#### Data records
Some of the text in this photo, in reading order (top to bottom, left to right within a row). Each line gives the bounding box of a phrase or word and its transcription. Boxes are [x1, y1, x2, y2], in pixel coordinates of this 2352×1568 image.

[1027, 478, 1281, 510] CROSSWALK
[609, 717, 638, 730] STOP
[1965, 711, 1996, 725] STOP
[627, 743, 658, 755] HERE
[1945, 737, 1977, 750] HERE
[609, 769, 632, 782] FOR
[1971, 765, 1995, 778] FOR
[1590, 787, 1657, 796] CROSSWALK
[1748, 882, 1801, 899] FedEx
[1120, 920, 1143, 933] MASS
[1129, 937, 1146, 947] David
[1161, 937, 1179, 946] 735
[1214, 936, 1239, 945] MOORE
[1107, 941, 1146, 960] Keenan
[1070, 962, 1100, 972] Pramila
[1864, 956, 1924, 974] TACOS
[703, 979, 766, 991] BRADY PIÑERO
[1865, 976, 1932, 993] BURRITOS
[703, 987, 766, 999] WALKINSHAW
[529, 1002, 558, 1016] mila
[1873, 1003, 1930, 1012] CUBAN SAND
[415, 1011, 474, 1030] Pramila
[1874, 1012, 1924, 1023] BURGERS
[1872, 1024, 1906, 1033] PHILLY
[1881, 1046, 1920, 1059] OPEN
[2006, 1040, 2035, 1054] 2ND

#### Your goal
An accurate, complete transcription of the records above is needed.

#### Finished exercise
Some of the text in this photo, in reading order (top to bottom, left to right within a row). Each line gives the bounding box of a phrase or word and its transcription. Boxes are [x1, y1, x2, y2], in pixel coordinates of this 2352×1568 image.

[1027, 478, 1281, 510] CROSSWALK
[609, 717, 638, 730] STOP
[1965, 711, 1996, 725] STOP
[627, 743, 658, 755] HERE
[1945, 737, 1977, 750] HERE
[609, 769, 632, 782] FOR
[1971, 765, 1995, 778] FOR
[1590, 787, 1657, 796] CROSSWALK
[1748, 882, 1801, 899] FedEx
[1120, 920, 1143, 933] MASS
[1129, 937, 1146, 947] David
[1161, 937, 1179, 946] 735
[1214, 936, 1239, 945] MOORE
[1107, 941, 1146, 960] Keenan
[1070, 962, 1100, 972] Pramila
[1864, 956, 1924, 974] TACOS
[703, 979, 766, 991] BRADY PIÑERO
[1865, 976, 1932, 993] BURRITOS
[703, 987, 766, 999] WALKINSHAW
[529, 1002, 558, 1016] mila
[1873, 1003, 1930, 1012] CUBAN SAND
[415, 1011, 474, 1030] Pramila
[1874, 1012, 1924, 1023] BURGERS
[1872, 1024, 1906, 1033] PHILLY
[1881, 1046, 1920, 1059] OPEN
[2006, 1040, 2035, 1054] 2ND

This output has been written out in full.